Cities, Creativity, and Why the World Will Never Be Flat

by | Feb 12, 2013 | Writing About History

How have cities thrived and spread for the last five thousand years when they labor under such heavy burdens? In historic societies, city-dwellers lived shorter, less healthy lives than country-folk and produced too few children to maintain urban populations, requiring a flow of immigrants from the country. That’s because urban crowding produces filth, disease, and stress. Many modern cities have solved the hygiene problem (though some haven’t), but they still suffer from traffic, noise pollution, high rents, crime, and awful schools, leading millions to flee to the suburbs.  Many in the 1990’s thought the Internet would be the death of cities, as virtual commuting freed workers to live among the trees and flowers. Instead, cities have continued the expansion they’ve enjoyed since ancient Sumer.

Dense, artistic Florence

Dense, artistic Florence

The explanation for urban power seems to be that cities foster creativity—more than any other institution. According to urban researcher Geoffrey West, city-dwellers produce more patents per person than their rural counterparts. In fact, the city’s advantage in patents per capita increases by 15% every time the population doubles, leading to exponential jumps as urban populations get really big. That data squares with less measurable evidence that city-dwellers produce more art, literature, and technology per capita than country-folk. What’s the source of this advantage? Crowding. The more we interact with other people, the more their practices, cultures, and off-beat ideas lead us to creative leaps. And the better a city is at fostering idea-exchanges across networks, the greater its creative output.
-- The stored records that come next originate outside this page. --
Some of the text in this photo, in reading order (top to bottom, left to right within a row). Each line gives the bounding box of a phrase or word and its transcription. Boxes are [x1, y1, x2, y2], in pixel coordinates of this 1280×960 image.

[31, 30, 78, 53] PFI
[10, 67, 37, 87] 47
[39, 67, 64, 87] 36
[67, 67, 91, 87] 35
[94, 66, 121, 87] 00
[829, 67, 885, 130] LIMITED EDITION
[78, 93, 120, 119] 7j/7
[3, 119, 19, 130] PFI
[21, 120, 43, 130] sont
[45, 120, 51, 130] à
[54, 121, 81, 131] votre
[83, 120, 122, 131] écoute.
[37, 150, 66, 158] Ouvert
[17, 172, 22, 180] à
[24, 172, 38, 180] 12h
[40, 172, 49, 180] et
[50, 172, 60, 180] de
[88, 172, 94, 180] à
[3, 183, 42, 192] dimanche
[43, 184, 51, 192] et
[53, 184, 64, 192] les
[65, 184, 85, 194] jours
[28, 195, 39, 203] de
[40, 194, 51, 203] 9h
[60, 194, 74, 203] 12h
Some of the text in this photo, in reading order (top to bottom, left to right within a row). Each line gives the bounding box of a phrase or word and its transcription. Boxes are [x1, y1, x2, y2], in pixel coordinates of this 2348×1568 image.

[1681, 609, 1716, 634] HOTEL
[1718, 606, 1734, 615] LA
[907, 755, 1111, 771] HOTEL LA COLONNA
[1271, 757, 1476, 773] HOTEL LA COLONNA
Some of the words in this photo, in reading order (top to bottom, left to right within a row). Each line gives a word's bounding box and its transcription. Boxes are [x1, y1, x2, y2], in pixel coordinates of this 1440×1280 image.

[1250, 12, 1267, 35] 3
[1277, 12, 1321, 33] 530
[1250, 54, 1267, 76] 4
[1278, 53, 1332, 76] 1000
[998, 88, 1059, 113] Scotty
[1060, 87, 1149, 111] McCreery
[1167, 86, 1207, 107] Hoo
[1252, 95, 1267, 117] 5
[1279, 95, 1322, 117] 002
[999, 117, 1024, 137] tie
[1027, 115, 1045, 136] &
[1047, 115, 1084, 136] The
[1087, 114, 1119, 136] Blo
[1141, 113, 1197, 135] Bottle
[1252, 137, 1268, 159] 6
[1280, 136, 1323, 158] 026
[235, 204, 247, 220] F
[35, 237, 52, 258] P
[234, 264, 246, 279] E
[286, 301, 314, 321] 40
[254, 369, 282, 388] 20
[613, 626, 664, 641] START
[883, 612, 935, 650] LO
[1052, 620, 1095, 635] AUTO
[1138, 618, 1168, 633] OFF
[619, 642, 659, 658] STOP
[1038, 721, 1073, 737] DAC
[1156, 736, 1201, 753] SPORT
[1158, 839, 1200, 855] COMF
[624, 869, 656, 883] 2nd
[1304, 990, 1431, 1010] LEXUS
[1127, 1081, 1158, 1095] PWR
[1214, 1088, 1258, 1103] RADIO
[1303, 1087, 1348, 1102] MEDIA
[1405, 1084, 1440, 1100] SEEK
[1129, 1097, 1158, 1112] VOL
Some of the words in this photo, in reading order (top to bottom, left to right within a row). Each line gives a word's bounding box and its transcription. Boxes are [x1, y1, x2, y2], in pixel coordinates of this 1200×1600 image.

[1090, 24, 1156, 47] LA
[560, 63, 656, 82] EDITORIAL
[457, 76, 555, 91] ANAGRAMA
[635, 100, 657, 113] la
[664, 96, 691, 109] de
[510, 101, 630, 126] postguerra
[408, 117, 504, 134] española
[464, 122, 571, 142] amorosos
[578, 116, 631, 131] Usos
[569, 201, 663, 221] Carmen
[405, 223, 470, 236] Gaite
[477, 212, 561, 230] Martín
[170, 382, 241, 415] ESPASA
That networking effect explains why some cities stand out above their peers, like Classical Athens for philosophy, Hellenistic Alexandria for science, Renaissance Florence for art and architecture, Elizabethan London for literature, Belle Époque Paris for the arts, and today’s Silicon Valley (a tightly connected uber-metropolis) for information technology.

The result of all this creativity? Cities get rich, despite all their disadvantages. That wealth and cities’ creative energy draw immigrants from the country.

If you’ve read much ancient history, that explanation probably resonates. The moment cities appear in places like Sumer, Egypt, China, and Mesoamerica, you get explosions of technology, architecture, governance, literature, and art—and innovations like writing systems, number systems, wheels, sailboats, bureaucracy, ziggurats, pyramids, palaces, statuary, epic mythology, tomb painting, business records, and much more.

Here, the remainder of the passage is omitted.